The man who was shot had been out bowling with his teenage daughters and wife, and the couple stopped to pick up one of their daughter’s friends for a sleep-over, she said.

As the couple waited in the car, and the daughters at the door of the building, several Latinos in beanie caps walked up to the passenger side, and one of them opened fire, McIntosh said.

The woman sped off to a hospital with her wounded husband, she said.

So far, police have not announced an arrest.

“They (the police) need to stop these people,” McIntosh said. “They need to be around here because this is three weekends in a row that there’s been gunfire at like 12 o’clock.”

Next door to the apartment complex stood a makeshift shrine for another Latino who lost his life there. Arturo Veragoza was fatally shot Nov. 26 in the driveway of his home, said his 13-year-old brother. A “For Sale” sign hung in front of house. The younger brother said the family was moving to Mexico.

A neighbor, a military veteran who spoke with a non-Latino accent and did not want to give his name, said he didn’t feel safe.
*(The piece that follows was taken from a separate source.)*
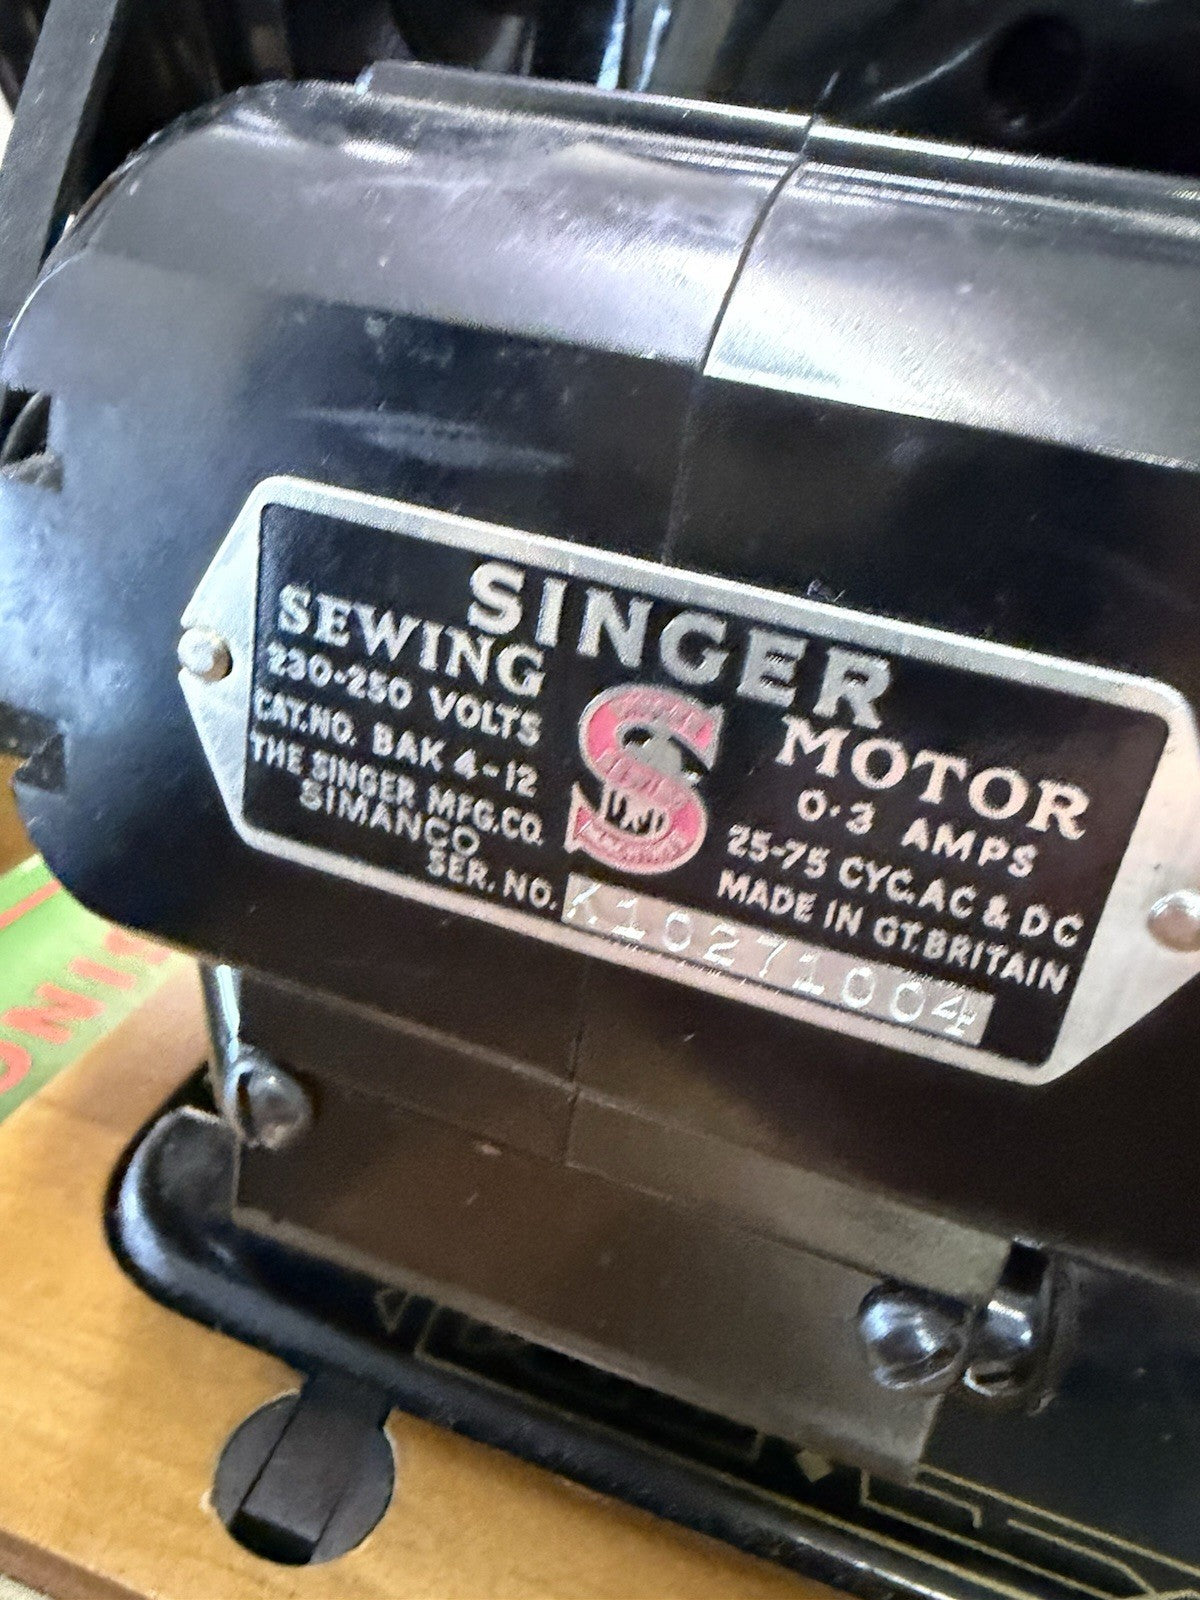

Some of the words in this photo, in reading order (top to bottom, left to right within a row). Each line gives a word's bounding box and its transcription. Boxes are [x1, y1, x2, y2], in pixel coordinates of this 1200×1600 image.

“(Gang members) drive by here every night on bicycles — two, three, four o’clock in the morning. I’m sleeping. I don’t feel safe. I’ve got graffiti (on my) wall that says `Eastside Torrance,”‘ he said.
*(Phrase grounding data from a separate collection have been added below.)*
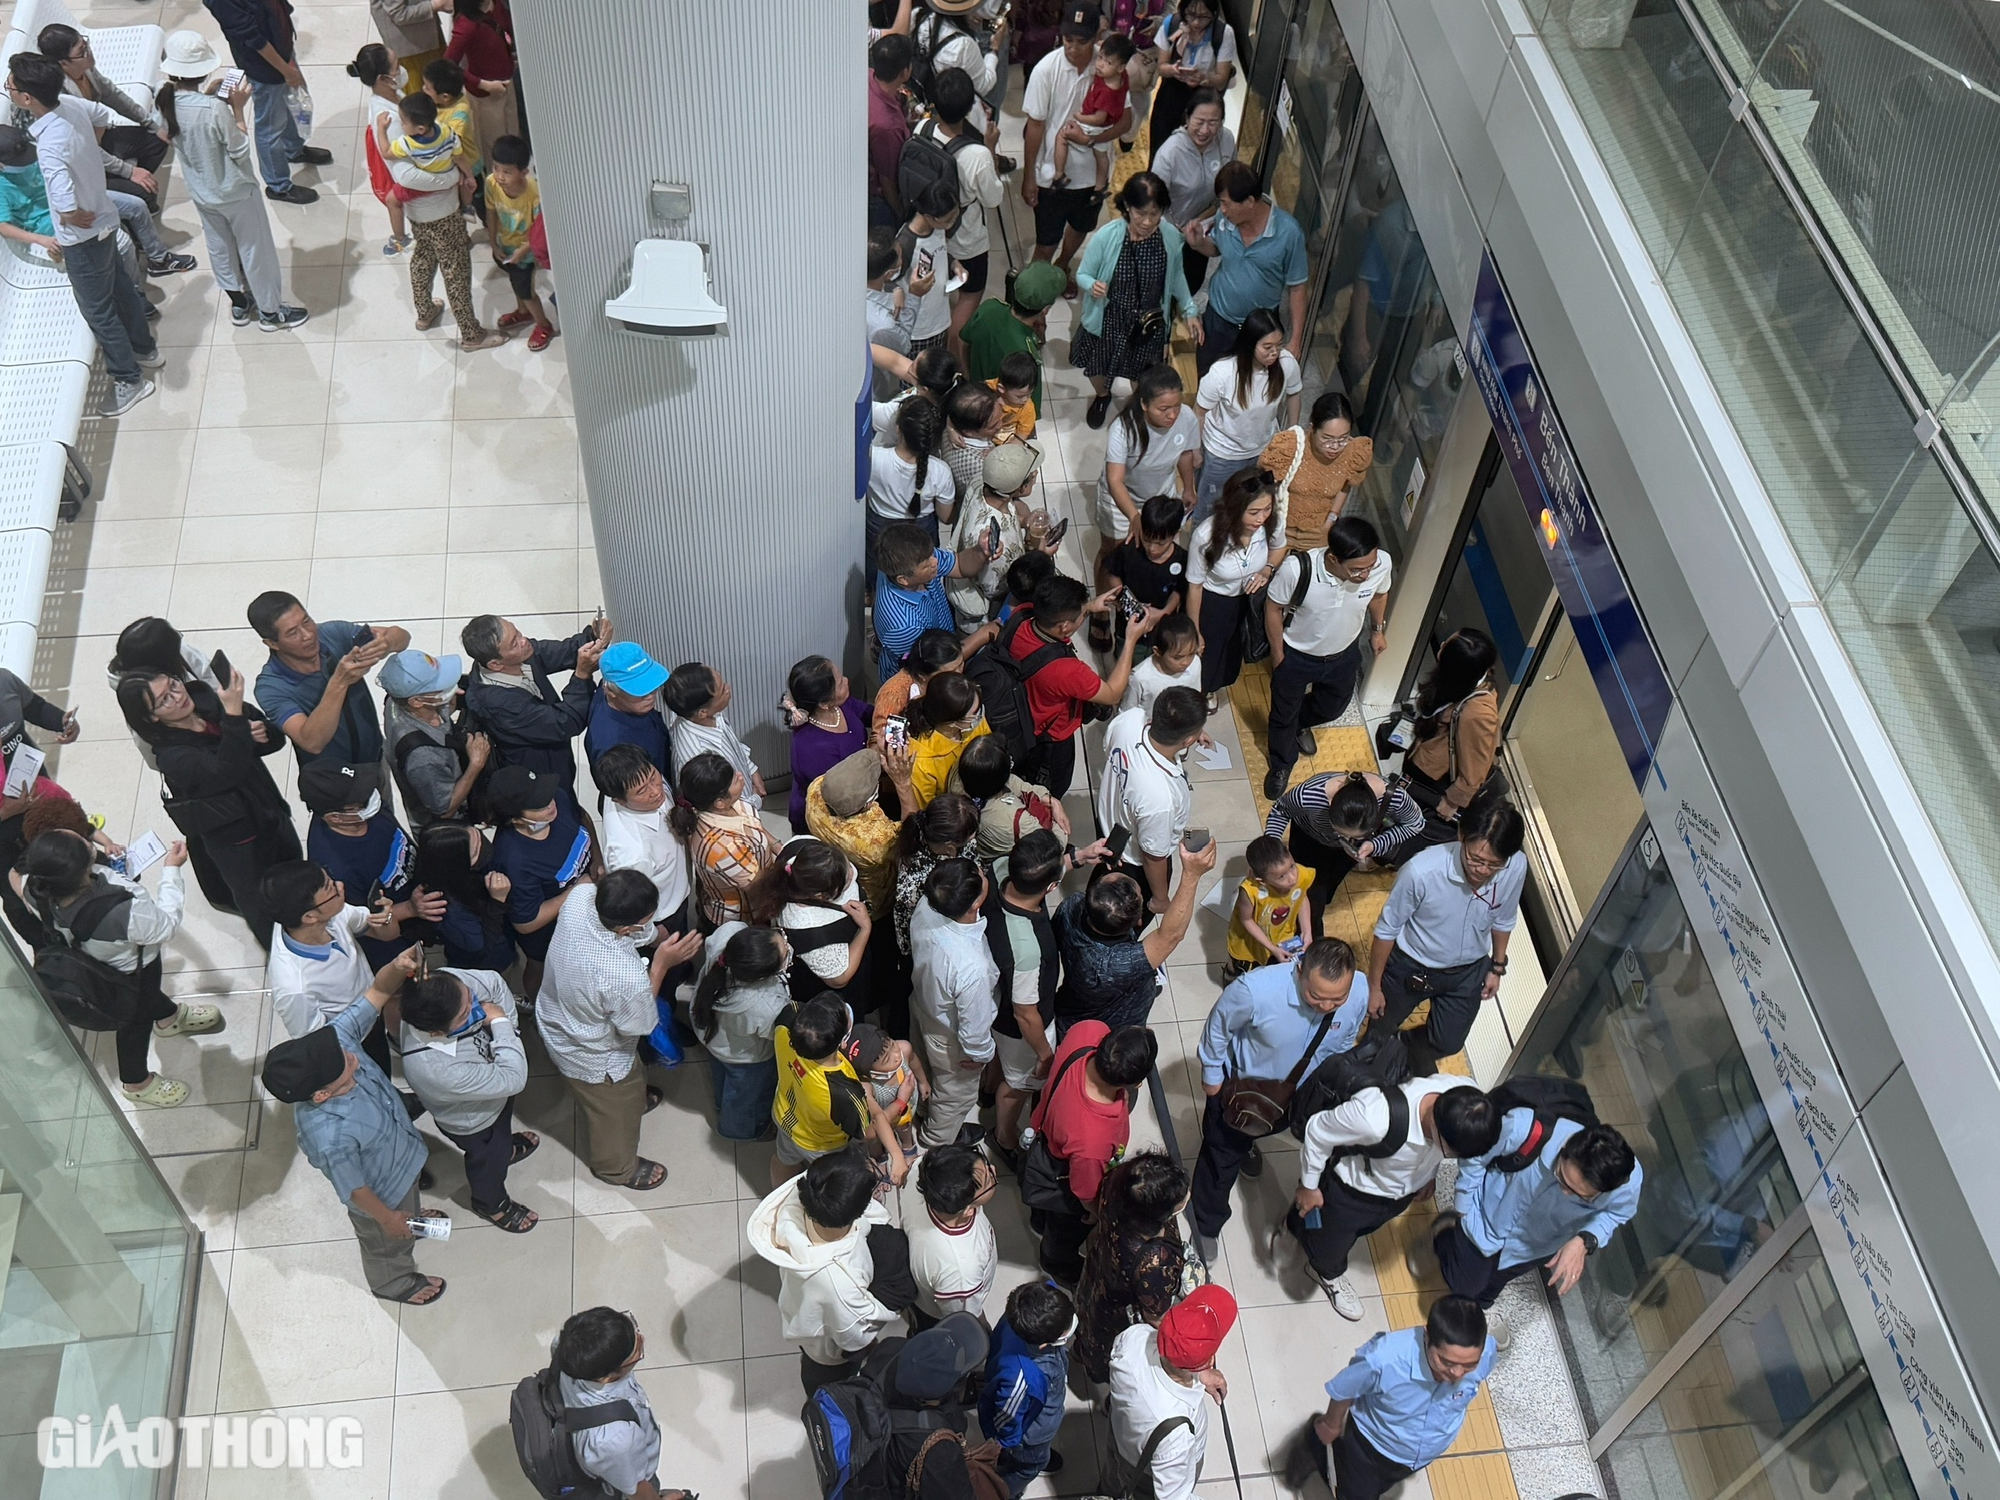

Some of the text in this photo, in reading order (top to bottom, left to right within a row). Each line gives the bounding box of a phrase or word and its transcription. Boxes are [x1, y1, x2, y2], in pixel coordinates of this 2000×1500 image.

[1540, 410, 1587, 532] Bến Thành
[1541, 452, 1575, 537] Ben Thanh
[1682, 800, 1691, 816] Bến
[1691, 808, 1698, 820] Xe
[1720, 862, 1732, 880] Quốc
[1732, 874, 1742, 888] Gia
[1720, 892, 1730, 909] Khu
[1730, 902, 1744, 924] Công
[1760, 928, 1770, 946] Cao
[1782, 1042, 1816, 1086] Phước Long
[1836, 1174, 1846, 1190] An
[1910, 1356, 1928, 1386] Công
[1939, 1424, 1964, 1462] Ba Son
Near the shooting scene, glass that apparently came from a blown-out window, remained in the roadway.

“We are in the midst of a racial war, and we are hopeful the community will not engage in any retaliation,” said Ali, who has been going door-to-door to talk to people.

He said he talked with the leaders of the 204th Street gang, and they denied any involvement, blaming the latest shooting on a separate Latino gang.

Ali was critical of the mayor and police chief for vowing a police crackdown the same day he and gang leaders signed a document in front of a corner market many black fear patronizing out of fear of treading on gang turf.

Ali called said the continued violence proved a crackdown was the wrong approach.

“So that only goes to show that we need to have a holistic and comprehensive plan to end gang violence. It cannot be just a get-tough-on-crime- lock-them-up-and-throw-away the key policy the Mayor’s Office and the FBI plans to implement.”

Civil rights lawyer Connie Rice recently delivered to the city a nearly $600,000 report with about 100 recommendations for curbing gangs.